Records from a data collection

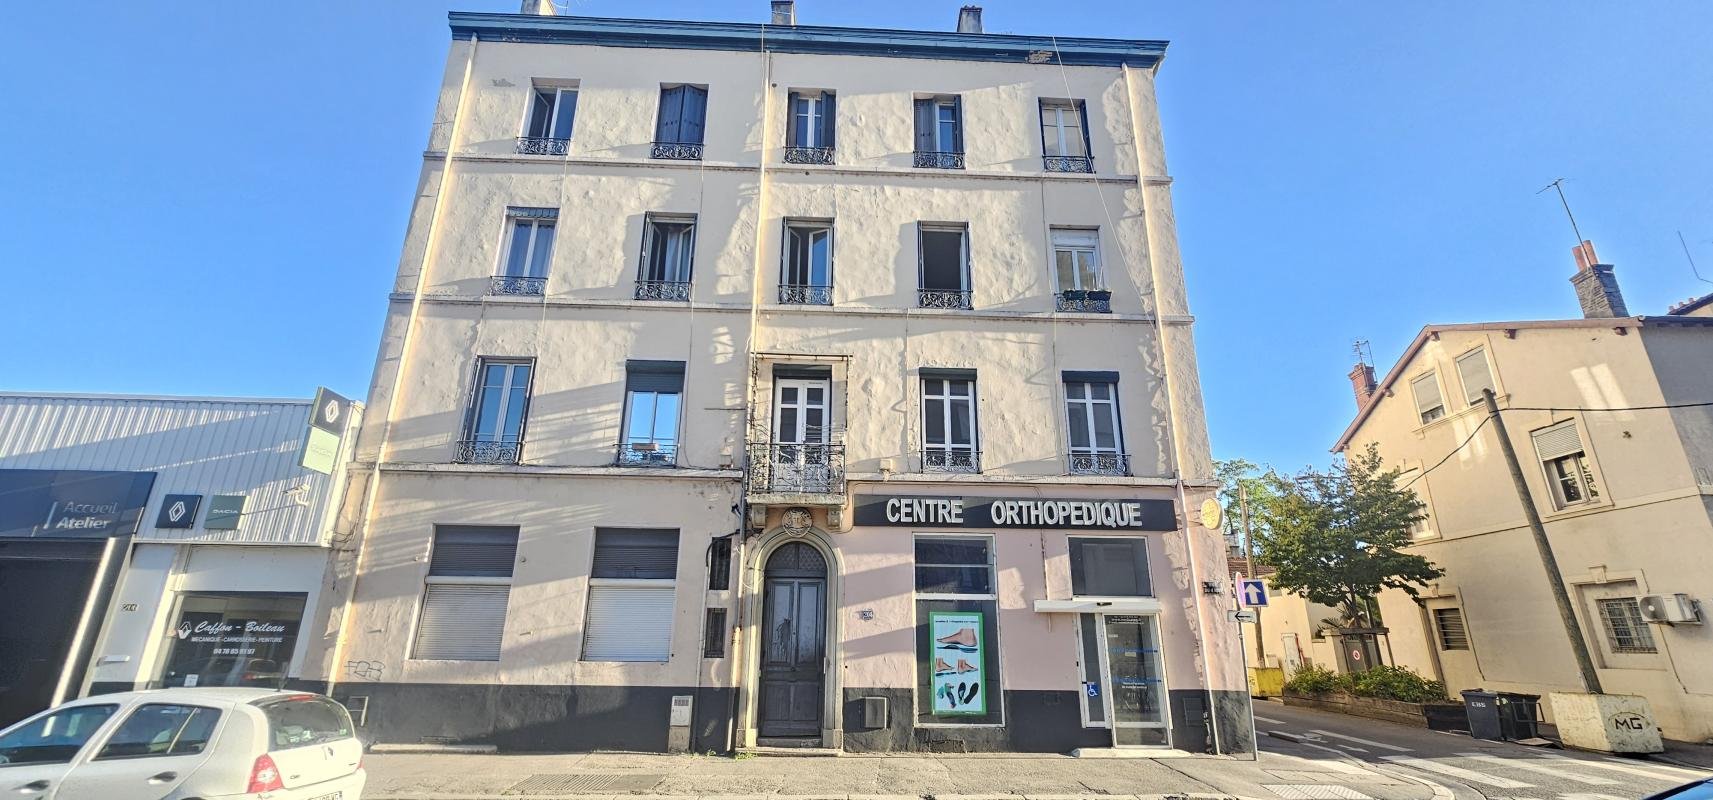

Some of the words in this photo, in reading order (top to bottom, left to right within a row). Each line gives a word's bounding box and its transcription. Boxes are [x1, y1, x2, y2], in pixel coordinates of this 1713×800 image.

[63, 501, 120, 515] Accueil
[886, 498, 964, 524] CENTRE
[990, 500, 1143, 528] ORTHOPEDIQUE
[56, 516, 112, 529] Atelier
[195, 621, 233, 634] Caffon
[245, 621, 286, 632] Boileau
[1614, 717, 1643, 730] MG

◆ **YOUR TASK**
Output every entry above verbatim, but leave out the pictures.

◆ **REPLY TO THE EXERCISE**
Some of the words in this photo, in reading order (top to bottom, left to right within a row). Each line gives a word's bounding box and its transcription. Boxes are [x1, y1, x2, y2], in pixel coordinates of this 1713×800 image.

[63, 501, 120, 515] Accueil
[886, 498, 964, 524] CENTRE
[990, 500, 1143, 528] ORTHOPEDIQUE
[56, 516, 112, 529] Atelier
[195, 621, 233, 634] Caffon
[245, 621, 286, 632] Boileau
[1614, 717, 1643, 730] MG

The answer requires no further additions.